PROBLEM REQUIREMENTS :: Reproduce all of the data that follows, character for character.

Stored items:
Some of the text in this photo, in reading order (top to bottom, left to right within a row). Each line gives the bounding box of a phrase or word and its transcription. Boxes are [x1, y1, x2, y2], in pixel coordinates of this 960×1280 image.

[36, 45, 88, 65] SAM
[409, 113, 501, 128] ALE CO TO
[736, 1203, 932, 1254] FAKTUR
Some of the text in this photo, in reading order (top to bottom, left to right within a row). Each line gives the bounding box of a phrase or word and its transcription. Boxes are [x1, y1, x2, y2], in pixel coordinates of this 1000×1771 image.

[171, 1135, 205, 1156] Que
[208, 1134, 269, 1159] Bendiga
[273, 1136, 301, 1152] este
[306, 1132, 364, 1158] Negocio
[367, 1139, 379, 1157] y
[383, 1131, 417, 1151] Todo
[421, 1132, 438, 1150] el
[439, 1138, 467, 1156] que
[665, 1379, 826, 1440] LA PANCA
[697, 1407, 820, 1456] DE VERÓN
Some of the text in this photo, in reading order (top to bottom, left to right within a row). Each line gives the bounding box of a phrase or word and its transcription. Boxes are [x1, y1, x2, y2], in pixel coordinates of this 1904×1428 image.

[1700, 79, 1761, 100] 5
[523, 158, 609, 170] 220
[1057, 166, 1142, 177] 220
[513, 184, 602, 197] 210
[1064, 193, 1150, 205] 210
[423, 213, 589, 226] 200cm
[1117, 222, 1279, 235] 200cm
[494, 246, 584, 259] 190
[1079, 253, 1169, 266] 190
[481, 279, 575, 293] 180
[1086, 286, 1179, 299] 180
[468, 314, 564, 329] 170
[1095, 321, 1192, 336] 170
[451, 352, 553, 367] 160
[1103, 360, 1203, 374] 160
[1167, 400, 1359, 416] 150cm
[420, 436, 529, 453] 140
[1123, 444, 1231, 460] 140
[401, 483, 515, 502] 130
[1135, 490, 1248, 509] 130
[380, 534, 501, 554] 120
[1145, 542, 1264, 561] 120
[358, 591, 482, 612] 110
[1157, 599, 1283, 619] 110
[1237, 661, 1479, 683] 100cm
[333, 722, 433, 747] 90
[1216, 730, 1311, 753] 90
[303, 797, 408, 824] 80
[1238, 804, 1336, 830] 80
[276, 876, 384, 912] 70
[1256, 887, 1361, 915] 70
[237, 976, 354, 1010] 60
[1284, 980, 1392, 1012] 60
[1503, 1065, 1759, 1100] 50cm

RESULT ::
Some of the text in this photo, in reading order (top to bottom, left to right within a row). Each line gives the bounding box of a phrase or word and its transcription. Boxes are [x1, y1, x2, y2], in pixel coordinates of this 960×1280 image.

[36, 45, 88, 65] SAM
[409, 113, 501, 128] ALE CO TO
[736, 1203, 932, 1254] FAKTUR
Some of the text in this photo, in reading order (top to bottom, left to right within a row). Each line gives the bounding box of a phrase or word and its transcription. Boxes are [x1, y1, x2, y2], in pixel coordinates of this 1000×1771 image.

[171, 1135, 205, 1156] Que
[208, 1134, 269, 1159] Bendiga
[273, 1136, 301, 1152] este
[306, 1132, 364, 1158] Negocio
[367, 1139, 379, 1157] y
[383, 1131, 417, 1151] Todo
[421, 1132, 438, 1150] el
[439, 1138, 467, 1156] que
[665, 1379, 826, 1440] LA PANCA
[697, 1407, 820, 1456] DE VERÓN
Some of the text in this photo, in reading order (top to bottom, left to right within a row). Each line gives the bounding box of a phrase or word and its transcription. Boxes are [x1, y1, x2, y2], in pixel coordinates of this 1904×1428 image.

[1700, 79, 1761, 100] 5
[523, 158, 609, 170] 220
[1057, 166, 1142, 177] 220
[513, 184, 602, 197] 210
[1064, 193, 1150, 205] 210
[423, 213, 589, 226] 200cm
[1117, 222, 1279, 235] 200cm
[494, 246, 584, 259] 190
[1079, 253, 1169, 266] 190
[481, 279, 575, 293] 180
[1086, 286, 1179, 299] 180
[468, 314, 564, 329] 170
[1095, 321, 1192, 336] 170
[451, 352, 553, 367] 160
[1103, 360, 1203, 374] 160
[1167, 400, 1359, 416] 150cm
[420, 436, 529, 453] 140
[1123, 444, 1231, 460] 140
[401, 483, 515, 502] 130
[1135, 490, 1248, 509] 130
[380, 534, 501, 554] 120
[1145, 542, 1264, 561] 120
[358, 591, 482, 612] 110
[1157, 599, 1283, 619] 110
[1237, 661, 1479, 683] 100cm
[333, 722, 433, 747] 90
[1216, 730, 1311, 753] 90
[303, 797, 408, 824] 80
[1238, 804, 1336, 830] 80
[276, 876, 384, 912] 70
[1256, 887, 1361, 915] 70
[237, 976, 354, 1010] 60
[1284, 980, 1392, 1012] 60
[1503, 1065, 1759, 1100] 50cm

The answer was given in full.